_Exercise:_ Could the data below be printed out exactly, with the pictures left out?
Task material Start Marker
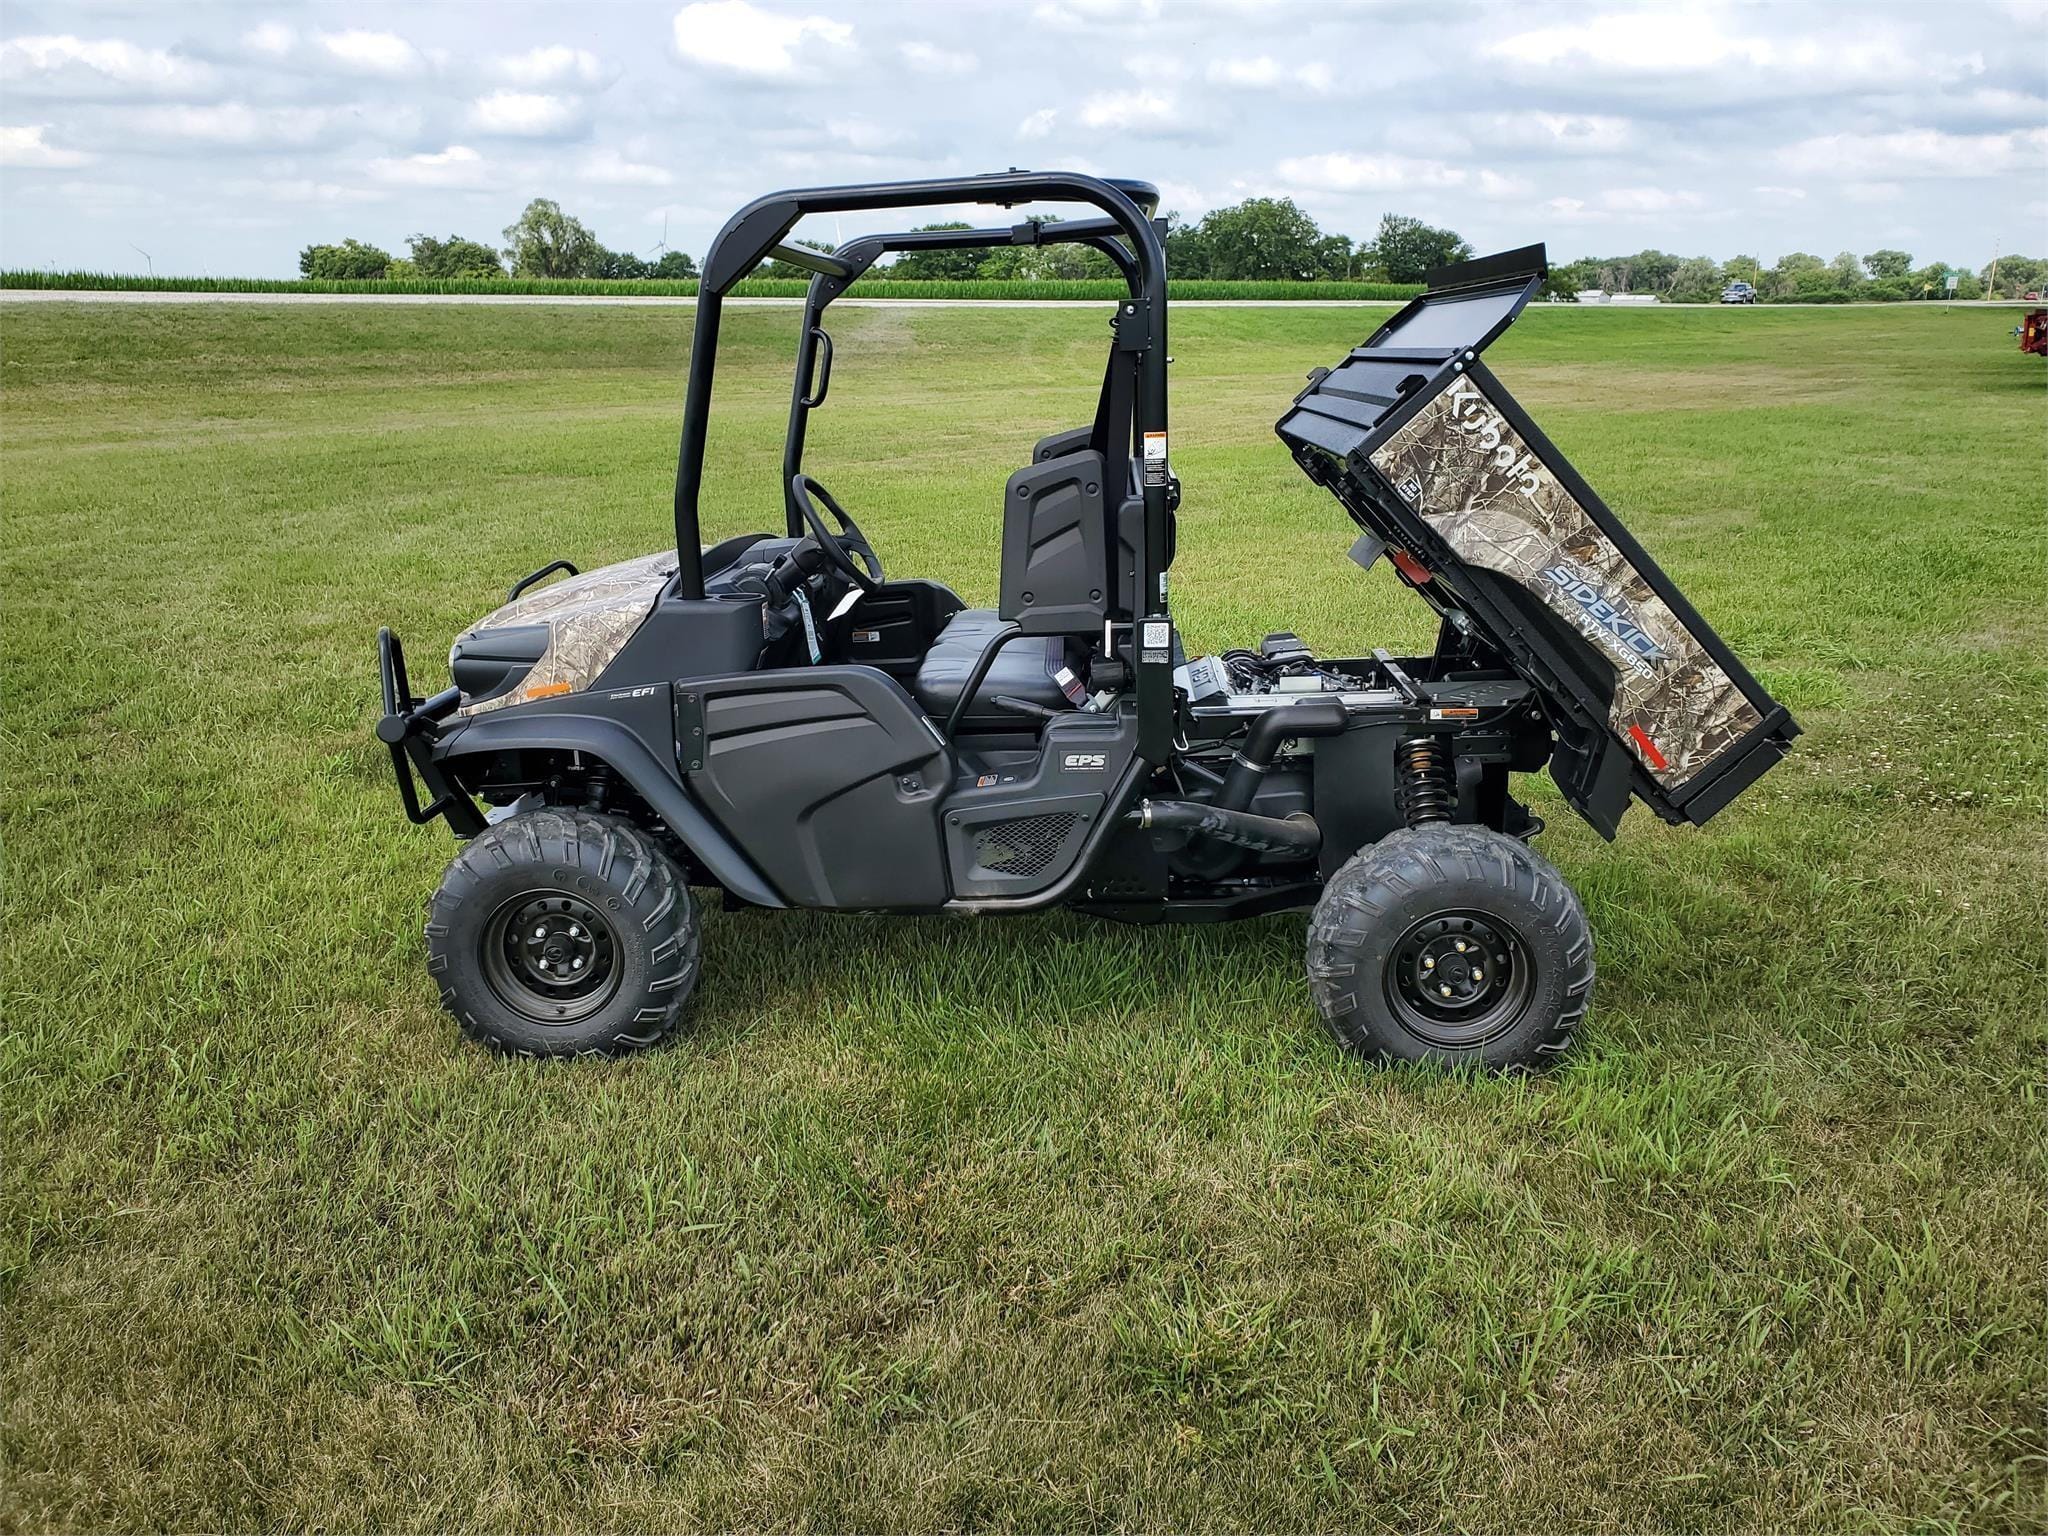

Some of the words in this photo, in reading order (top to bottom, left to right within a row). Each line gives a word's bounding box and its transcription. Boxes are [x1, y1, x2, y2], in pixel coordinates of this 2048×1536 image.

[1446, 378, 1540, 498] Kubota
[1401, 484, 1415, 497] STEP
[1544, 565, 1672, 670] SIDEKICK
[1580, 612, 1653, 680] RTV-XG850
[632, 687, 656, 697] EFI
[1064, 754, 1106, 767] EPS
Task material End Marker
_Answer space:_
Some of the words in this photo, in reading order (top to bottom, left to right within a row). Each line gives a word's bounding box and its transcription. Boxes are [x1, y1, x2, y2], in pixel coordinates of this 2048×1536 image.

[1446, 378, 1540, 498] Kubota
[1401, 484, 1415, 497] STEP
[1544, 565, 1672, 670] SIDEKICK
[1580, 612, 1653, 680] RTV-XG850
[632, 687, 656, 697] EFI
[1064, 754, 1106, 767] EPS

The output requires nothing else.